**Work task**: Include no pictures. Output exactly the lines from the one that contains "this 1728×1152 image." through the final line of the entries.

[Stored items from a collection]
"""

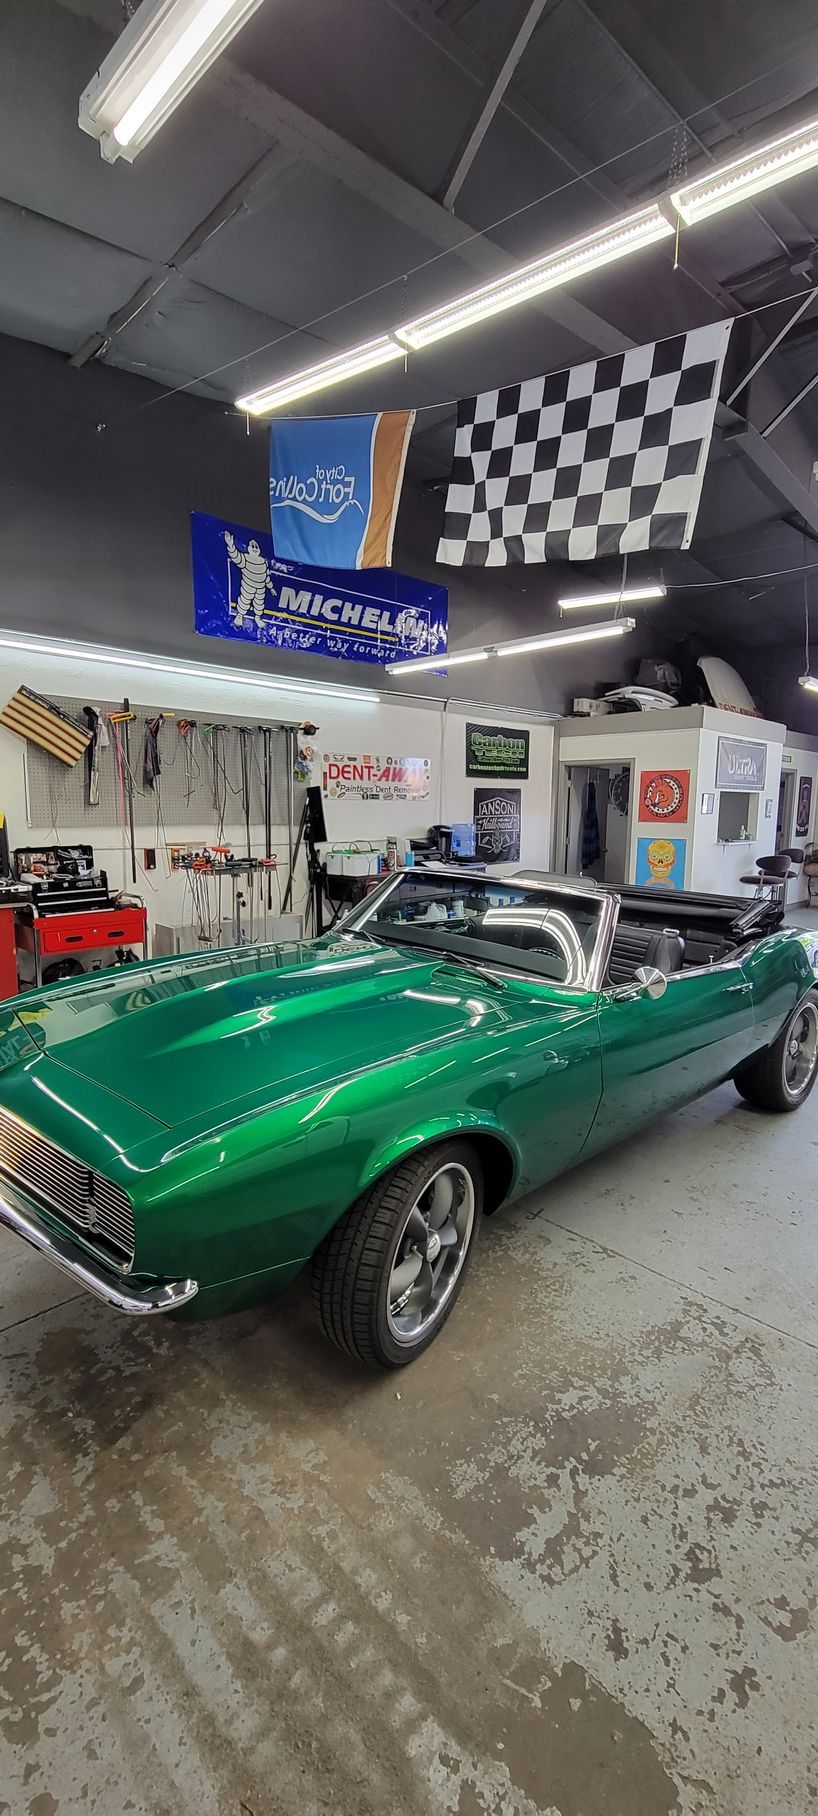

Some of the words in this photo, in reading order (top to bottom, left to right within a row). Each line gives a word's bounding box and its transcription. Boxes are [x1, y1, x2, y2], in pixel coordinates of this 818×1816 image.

[277, 586, 426, 638] MICHELIN
[269, 626, 277, 636] A
[283, 629, 322, 645] better
[326, 638, 350, 651] way
[352, 641, 397, 659] forward
[471, 733, 525, 750] Carbon
[340, 784, 374, 794] Paintless
[376, 785, 391, 795] Dent
[393, 786, 421, 796] Removal
[481, 799, 515, 815] ANSON
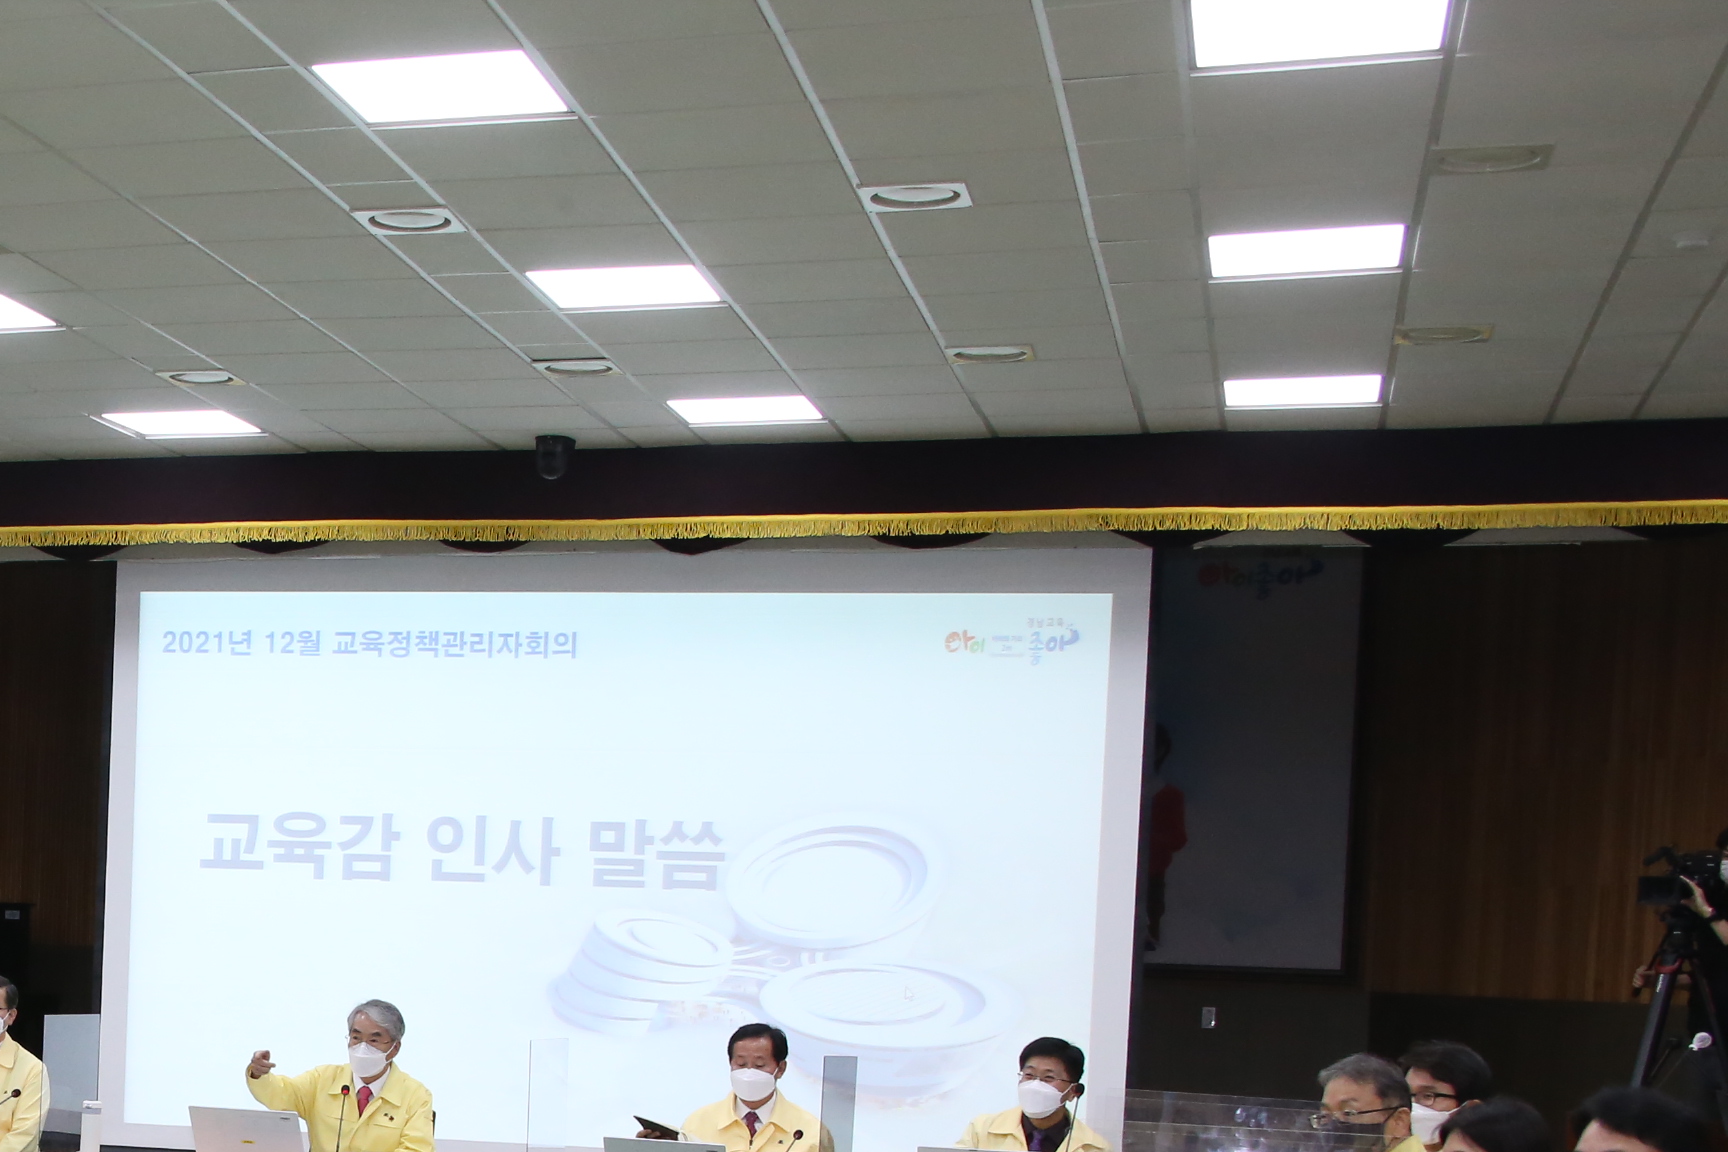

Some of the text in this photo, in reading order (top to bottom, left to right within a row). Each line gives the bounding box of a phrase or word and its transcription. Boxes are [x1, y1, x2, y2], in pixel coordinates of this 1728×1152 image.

[162, 630, 579, 659] 2021년 12월 교육정책관리자회의
[199, 811, 726, 892] 교육감 인사 말씀
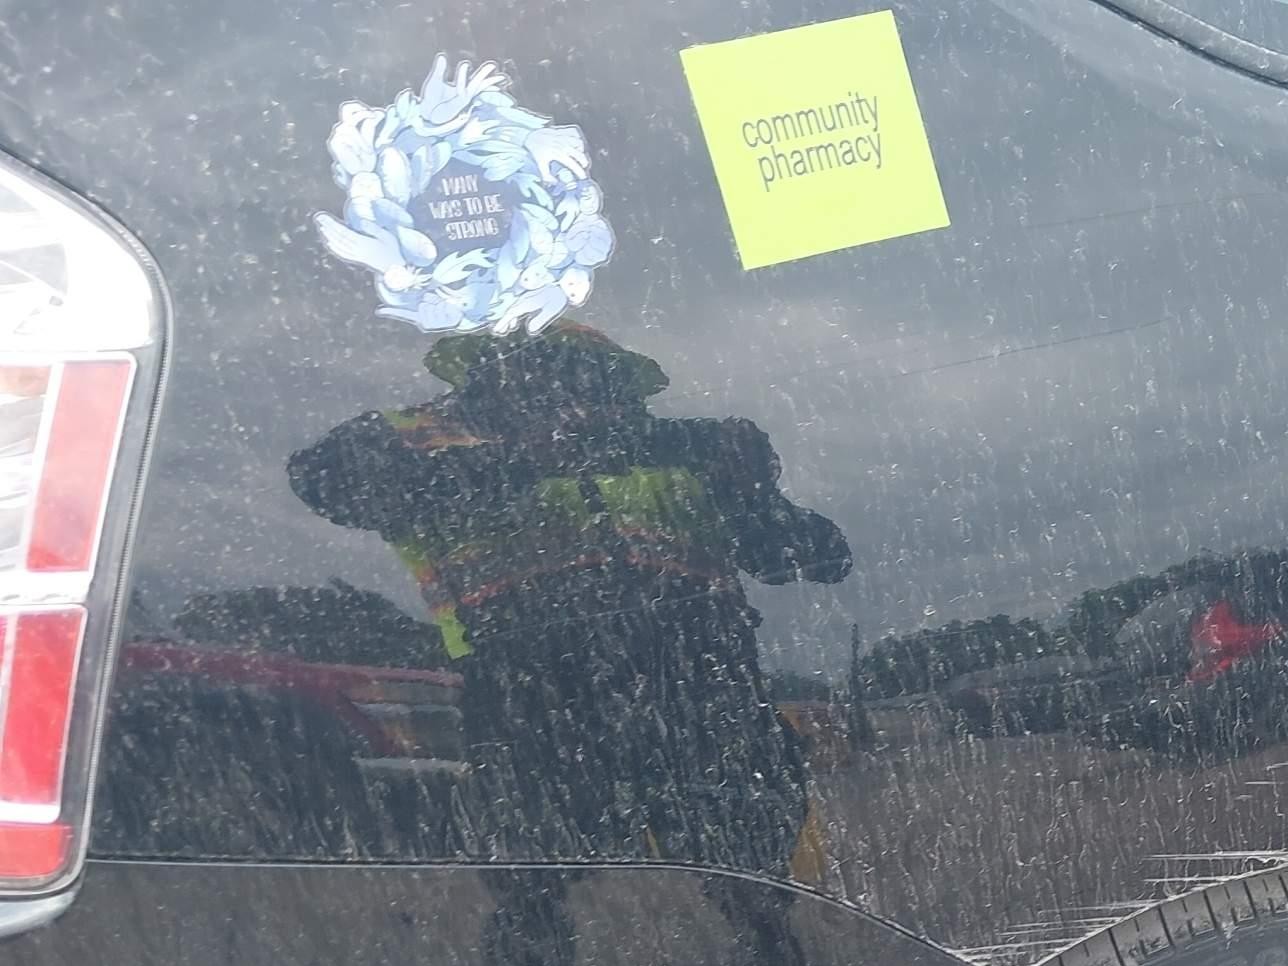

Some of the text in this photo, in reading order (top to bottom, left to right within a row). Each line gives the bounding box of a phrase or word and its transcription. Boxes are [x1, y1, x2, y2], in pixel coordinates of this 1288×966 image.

[741, 91, 880, 148] community
[757, 133, 883, 192] pharmacy
[441, 174, 479, 196] MANY
[462, 197, 483, 215] TO
[483, 193, 505, 213] BE
[445, 217, 500, 240] STRONG
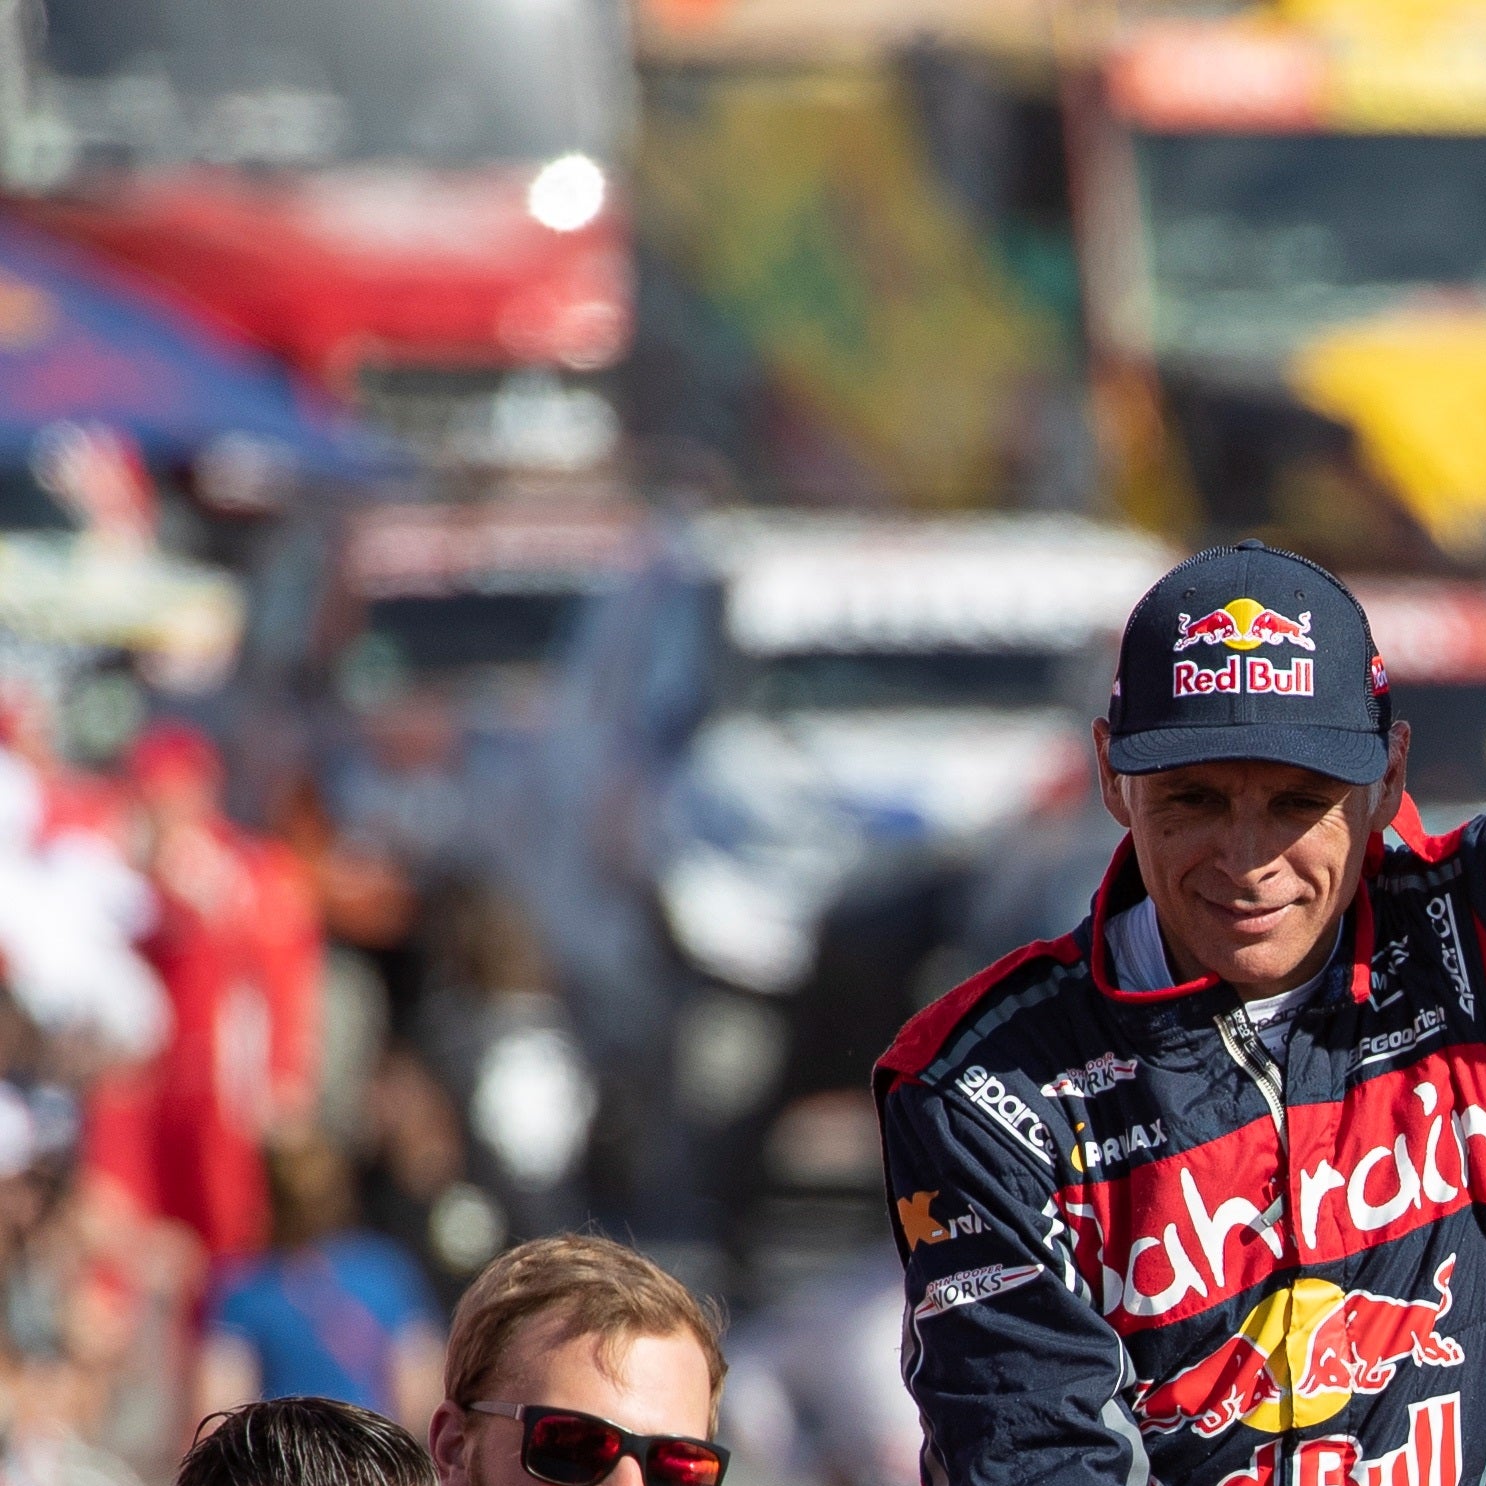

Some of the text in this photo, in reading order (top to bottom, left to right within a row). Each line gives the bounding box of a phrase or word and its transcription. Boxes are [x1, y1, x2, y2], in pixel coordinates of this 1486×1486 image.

[1172, 654, 1241, 698] Red
[1246, 656, 1315, 697] Bull
[1085, 1118, 1169, 1169] PRIAX

"""

**Expected answer**:
Some of the text in this photo, in reading order (top to bottom, left to right within a row). Each line gives the bounding box of a phrase or word and its transcription. Boxes are [x1, y1, x2, y2], in pixel coordinates of this 1728×1152 image.

[162, 630, 579, 659] 2021년 12월 교육정책관리자회의
[199, 811, 726, 892] 교육감 인사 말씀

Some of the text in this photo, in reading order (top to bottom, left to right within a row). Each line gives the bounding box of a phrase or word and its transcription. Boxes are [x1, y1, x2, y2], in pixel coordinates of this 1288×966 image.

[741, 91, 880, 148] community
[757, 133, 883, 192] pharmacy
[441, 174, 479, 196] MANY
[462, 197, 483, 215] TO
[483, 193, 505, 213] BE
[445, 217, 500, 240] STRONG

Some of the text in this photo, in reading order (top to bottom, left to right within a row). Each line gives the bounding box of a phrase or word and its transcription. Boxes are [x1, y1, x2, y2], in pixel coordinates of this 1486×1486 image.

[1172, 654, 1241, 698] Red
[1246, 656, 1315, 697] Bull
[1085, 1118, 1169, 1169] PRIAX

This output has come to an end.